Ashton Kutcher, Chris Sacca and Troy Carter will join Shark Tank in its next season as "guest sharks." The season premieres on September 15. The guests will appear individually alongside Shark Tank's regular investors, or "sharks," who include Mark Cuban, Daymond John and Barbara Corcoran.

The ABC show, in its seventh season, features entrepreneurs pitching their products to a group of investors who negotiate the terms of their deals on the spot. It's so popular it has spawned a spin-off called "Beyond the Shark Tank" and a food version called "Food Fortunes."

Kutcher, a famous actor, has been an active investor in startups for a number of years, with an impressive record compared to many of his celebrity investing peers. He's backed Airnbnb, Spotify, Uber, Flipboard, SoundCloud, Foursquare, Shazam and Houzz.

Carter is known for working as Lady Gaga's manager. He now runs Atom Factory, an entertainment company with an investment arm, and has backed Uber, Spotify, DropBox and Warby Parker.
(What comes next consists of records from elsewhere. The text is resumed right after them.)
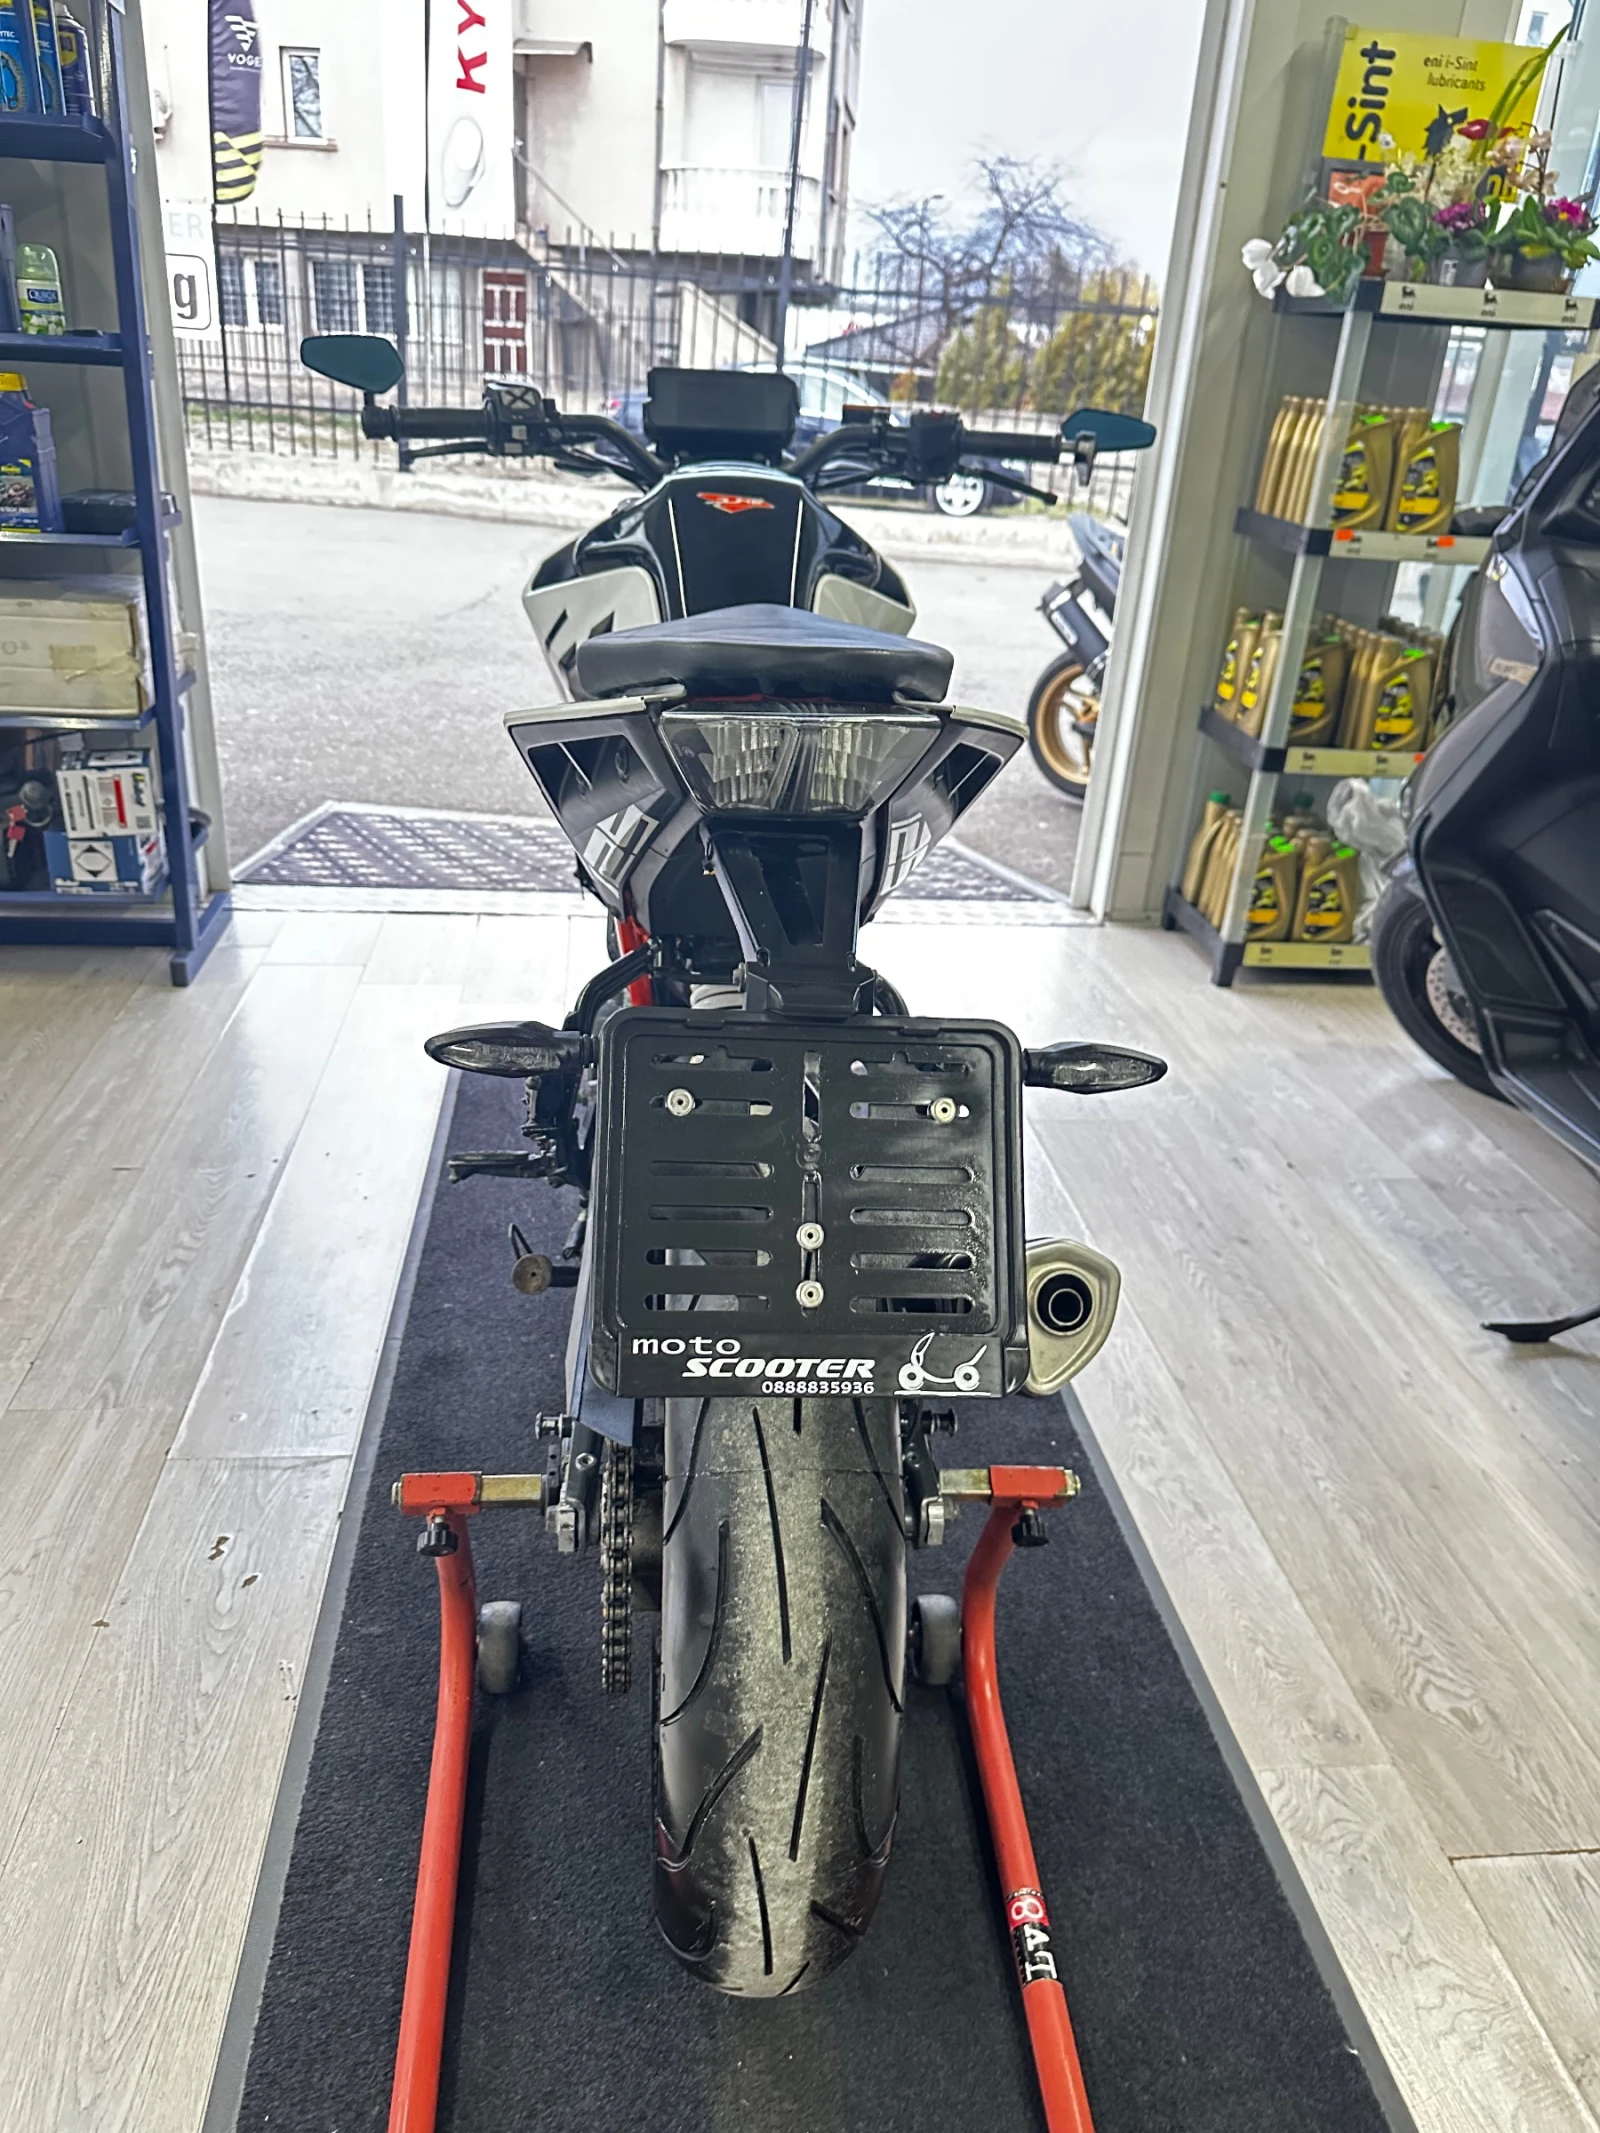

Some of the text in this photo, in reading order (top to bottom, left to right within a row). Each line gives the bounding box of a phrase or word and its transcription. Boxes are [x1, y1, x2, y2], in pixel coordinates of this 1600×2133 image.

[457, 0, 487, 94] KY
[1423, 54, 1479, 71] eni i-Sint
[1427, 73, 1486, 91] lubricants
[632, 1335, 741, 1355] moto
[682, 1357, 876, 1379] SCOOTER
[761, 1380, 875, 1395] 0888835936
Sacca, who has backed Twitter, Instagram and Uber through his fund, Lowercase Capital, tells Fortune he'll be investing his own money on the show. If his seed fund partner Matt Mazzeo wants to invest in a deal, he can step in and take the deal in the name of one of Lowercase's funds. "That was the way I felt it was fairest for LPs," Sacca says.

In a blog post, Sacca noted that he's been skeptical of Shark Tank in the past. "It struck me as a dime-store version of my current job. A circus of kitchen gadgets and stocking stuffers optimized for infomercials," he wrote. That changed after a series of meetings with the show's producers and conversations with entrepreneurs and fellow investors who love the show.

So far, Sacca has backed two companies through Shark Tank. Valuations tend to be much less aggressive than in Silicon Valley, he says, so there is plenty of opportunity for a big return. He also says he's encountered entrepreneurs from more diverse backgrounds than can easily be found in Silicon Valley and that the quality of the startups pitching their wares on Shark Tank has risen dramatically. Beyond that, the visibility of appearing on the show has become a "huge allure."

Sacca is known for not mincing words on stage at conferences, on Twitter and on his blog. While he won't be able to weave a tapestry of profanity as he does in this video on network TV, he did get into "a fair amount of trash-talking with a fellow Shark" on one episode, he wrote. "I have no doubt you'll all bust my chops when that one airs."

Erin Griffith is a staff writer at Fortune.